Yesterday I had the uncanny experience of speaking to a friend 6,000 miles and 7 hours away; my voice in his room; whereas he could not speak to me. Skype supports a chat feature, so I spoke and he wrote. There is a quality of distortion to such a communication, as if talking with the spirit world through a ouija board. He described himself as mute; I was a ghost in a machine.

Saturday, January 5, 2008

Dora

I went to MoMA today, for the Martin Puryear exhibition which comes down in a few days, and the Lucien Freud etchings which have just gone up. I thought I was a fan of Puryear and now trying to remember what I had seen before. Some of the pieces were absolutely delightful; the limb of a tree stretching heavenward from found wagon wheels, 5 exhibition floors high, testifying as obviously and improbably as a spiritual. But the naivete that could be breathtaking in an individual piece (to wit, the perspectival Ladder for Booker T Washington) edged toward embarrassment by the end of an exhibition that was comprehensive and expansive enough to exhaust the artist's few concepts in a handful of gestures that one might well applaud at first glance, but soon subside into yawns.

There was a bit in the wall text where he said he is taken with the referentiality of art. I think that may be a big part of the problem.

The Freud had the opposite effect on me, and in that it achieved what is generally the purpose of this sort of exhibition, to suggest, undergird, complicate, displace (as you will) the received understanding, or maybe the real point is to create the experience of having done so by flattering viewers preconceptions. Works for me.

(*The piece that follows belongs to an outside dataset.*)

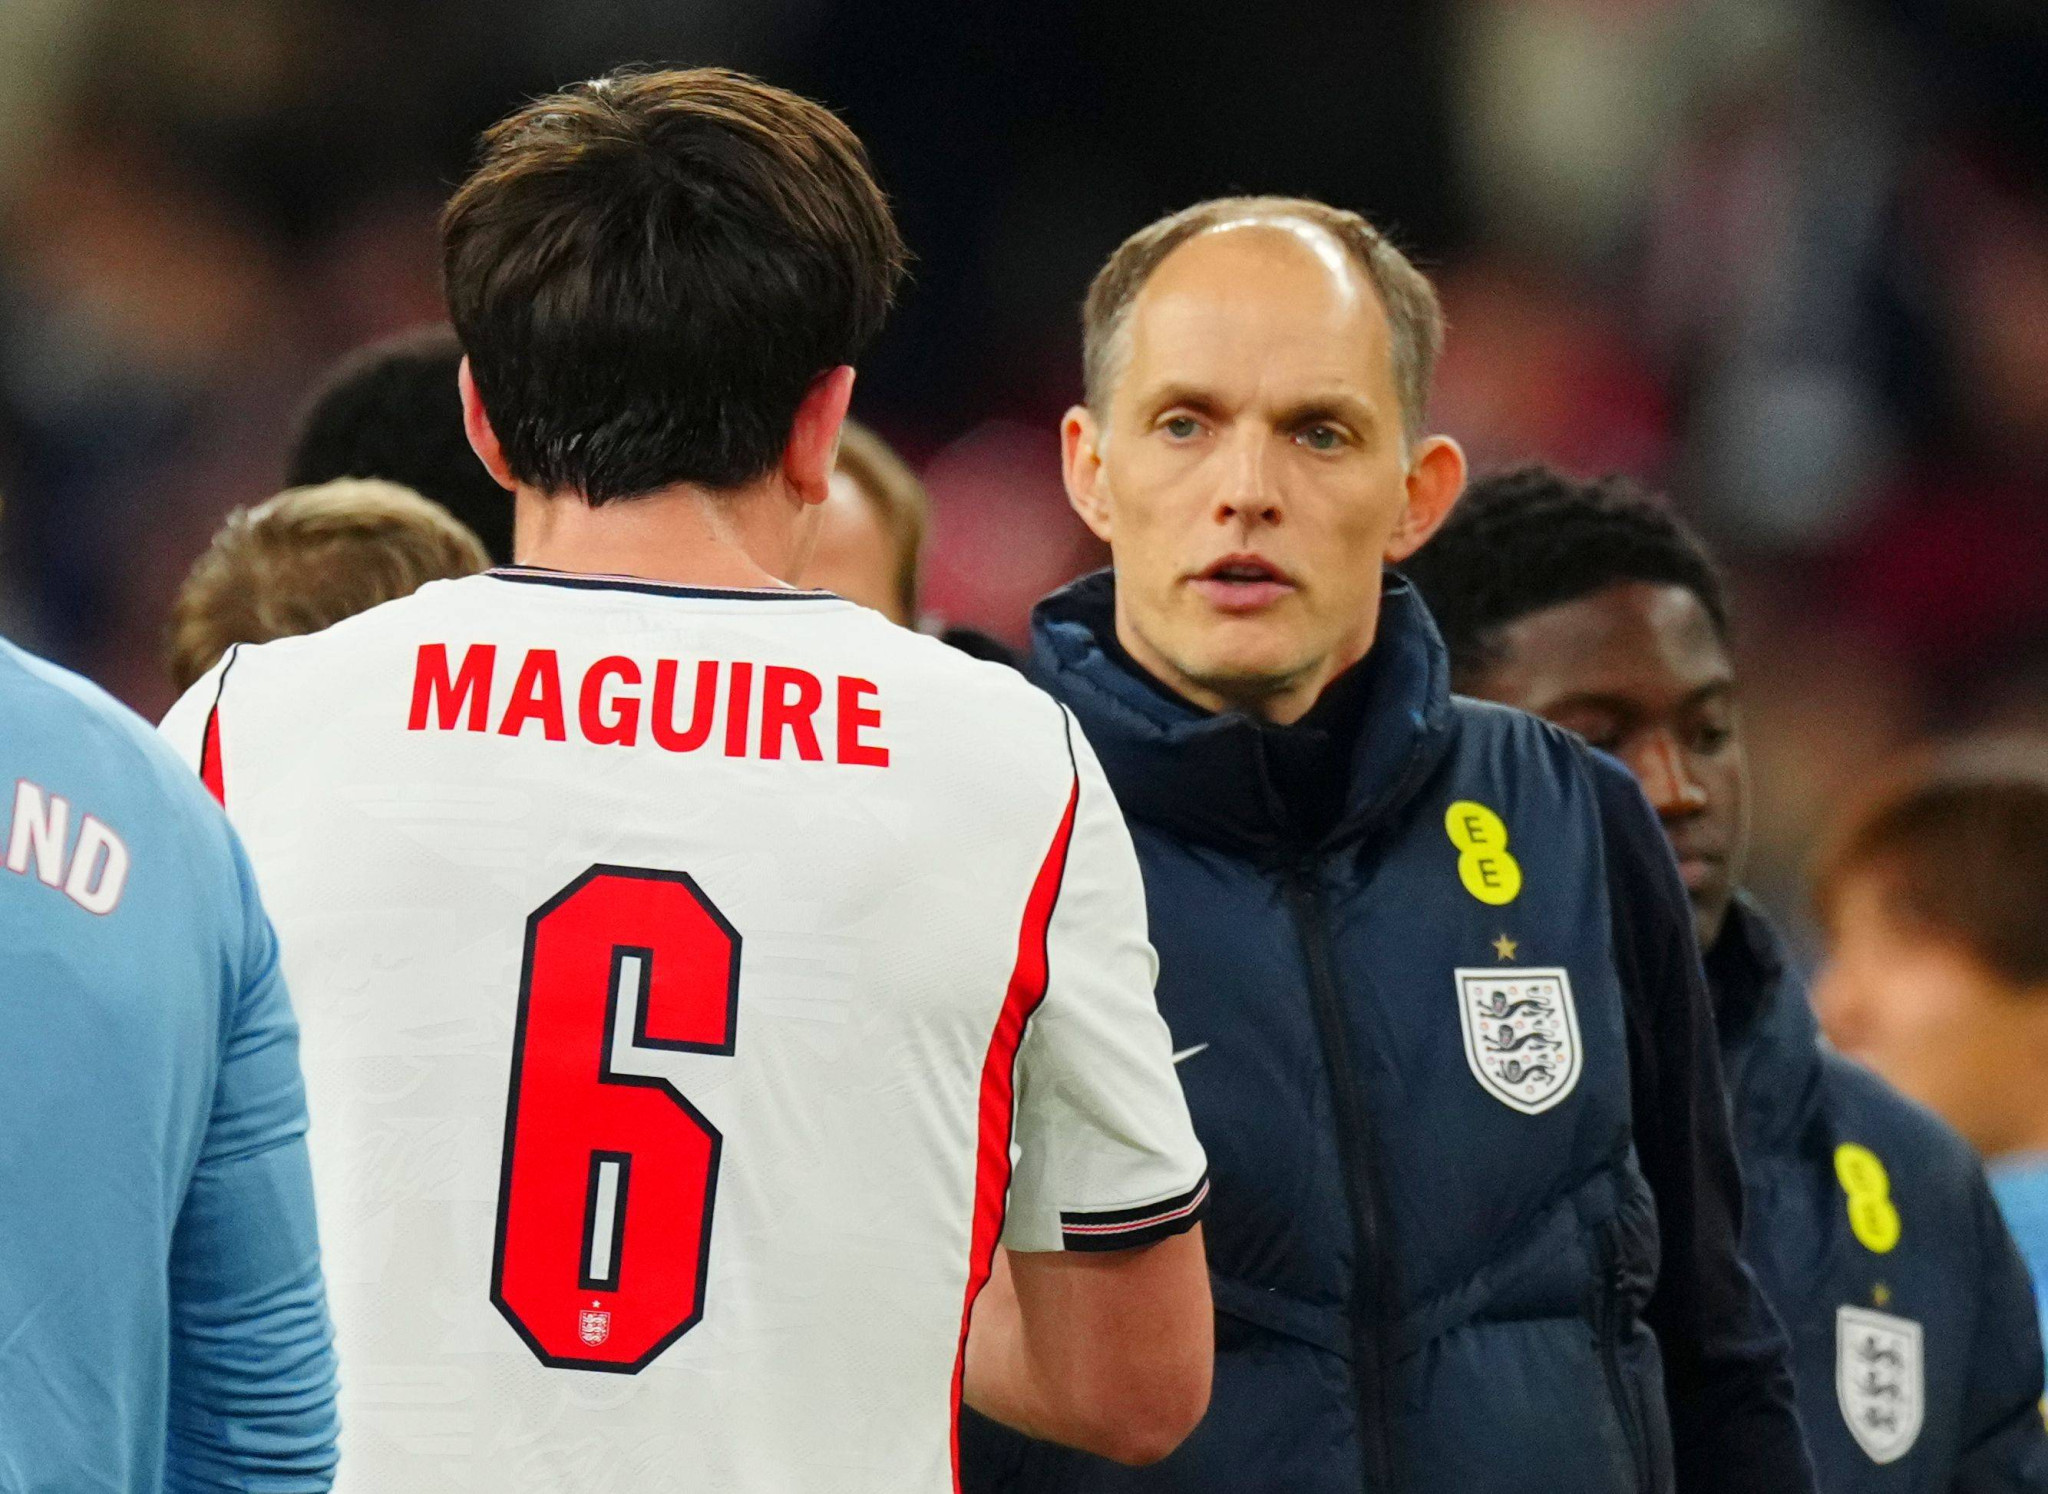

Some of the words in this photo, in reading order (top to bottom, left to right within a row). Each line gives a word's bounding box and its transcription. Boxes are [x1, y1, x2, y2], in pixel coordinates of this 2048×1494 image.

[407, 643, 889, 768] MAGUIRE
[0, 777, 130, 916] ND
[490, 863, 743, 1375] 6

It was the mad stares of the early studies that brought me closer to his sustained later fascination with Leigh Bowery, for example, and made the interaction, and Freud's determination not to exist outside it, so obvious and grand. Formidable the talent that can so dominate such a biography, such a history. The brows and planes and gazes that start so boldly but more naively engaging the viewer (who is always the portraitist's double; weird trick, Ive never felt that so clearly with any other artist) shift and force the viewer into a more confrontational, self-conscious posture (and I'm not just talking about subjects staring back at us over their indifferent genitals, although this is the most typical gesture). I'm not an art critic and if I were trust I would not endorse the biological or genealogical fallacy that I assume is a discredited cliche of Freud criticism, but I can't help noting my own overwhelming experience of the transference.

Otherwise I have to say again how much I HATE the whole MoMA experience, esp. the meat grinder escalators clogged with three and four abreast phlegmatic tourists who WILL NOT step aside for those of us who actually have somewhere to go at the museum.

Tuesday, January 1, 2008

bon mot

Like water, like speech. Some squander our abundance, withdrawn from the mouths of others.

I have been following the posts on Global Voices On Line (see links) about the arrest on 10 December of Fouad Alfarhan, a (US-educated) Saudi blogger whose predictions that his open advocacy of the rights of Saudi political prisoners would put him in jeopardy were unfortunately if predictably prescient.

The NYT has just posted the story on the front page (on line).